No such thing.  Grants must be made one at a time.

However, this is fairly easy to do with a script and dynamic sql.

TSharma-0racle

There is no such thing. You can give "SELECT ANY TABLE" privilege to that user but its not good to give this privilige to anyone unless you know what you are doing. But this privilege should be able to gi ve access to views or future views. You can always test this.

Frank Kulash

Hi,

As the others have said, each GRANT only applies to a single object.  Unfortunately, Oracle dosn't have any way to group objects for prinvileges.  User_1 shopuld just include a GRANT statement (or a call to a grant script) in every scriopt that creates a view.

You could write a database trigger to do this automatically, but it's probably not worth the effort.

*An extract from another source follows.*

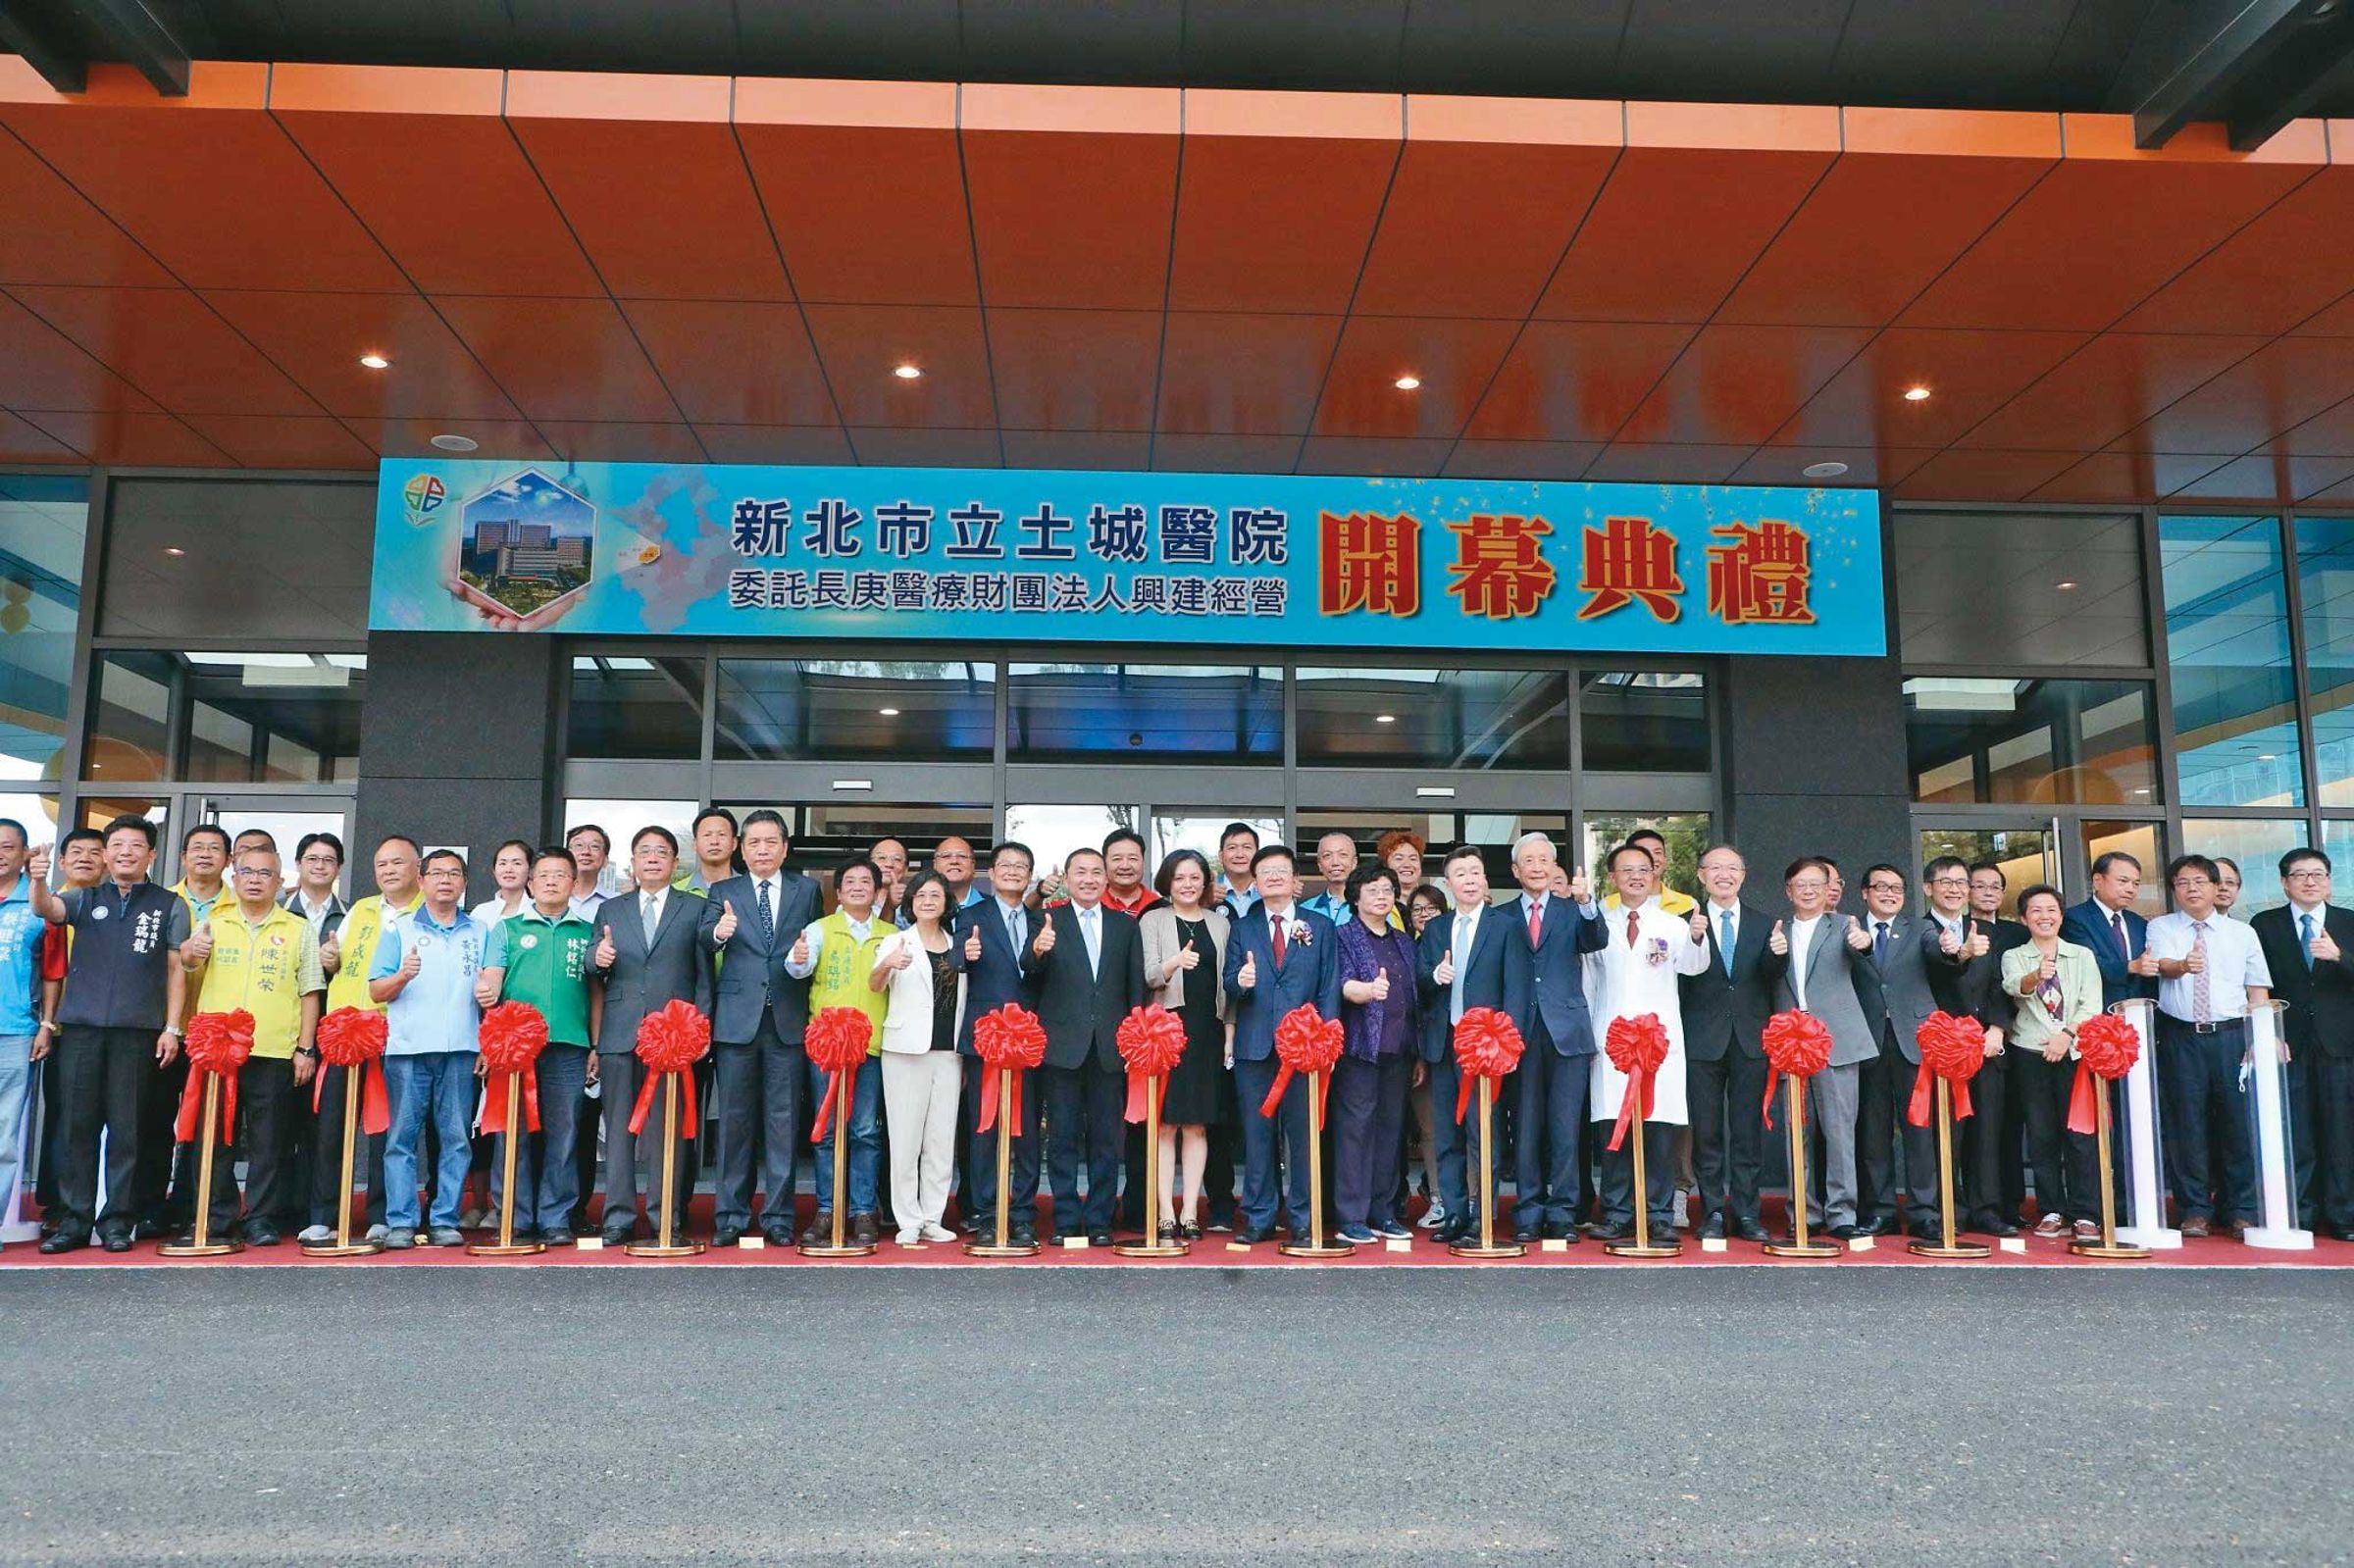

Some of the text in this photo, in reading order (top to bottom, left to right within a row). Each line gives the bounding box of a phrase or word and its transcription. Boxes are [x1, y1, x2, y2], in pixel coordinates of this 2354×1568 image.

If a user is continually creating new views (or tables), that could be a symptom of a poor design.  What exactly is uesr_1 doing?  What arre the views for? 

900163

You can run the below a query where you will  get the lost of view names so that you can run them as a script/

DECLARE

   v_sql    VARCHAR2 (4000);

   v_sql1   VARCHAR2 (4000);

   v_SQL2   VARCHAR2 (4000);

BEGIN

   FOR i IN (SELECT table_name

               FROM ALL_VIEWS

              WHERE owner = 'USER1')

   LOOP

      v_sql :=

            ' GRANT DELETE, INSERT, SELECT, UPDATE, DEBUG  ON USER1. '

         || i.table_name

         || 'USER2';

  

      EXECUTE IMMEDIATE v_sql;    

      v_sql := '';

  

   END LOOP;

END;

Kapil

The alternative solution is create a ROLE, grant all access to the role and then grant this role to the schema. As and when a new view is created, grant the access to the role and it will give access to all those schemas who have access to role.

unknown-7404

Kapil wrote:

The alternative solution is create a ROLE, grant all access to the role and then grant this role to the schema. As and when a new view is created, grant the access to the role and it will give access to all those schemas who have access to role.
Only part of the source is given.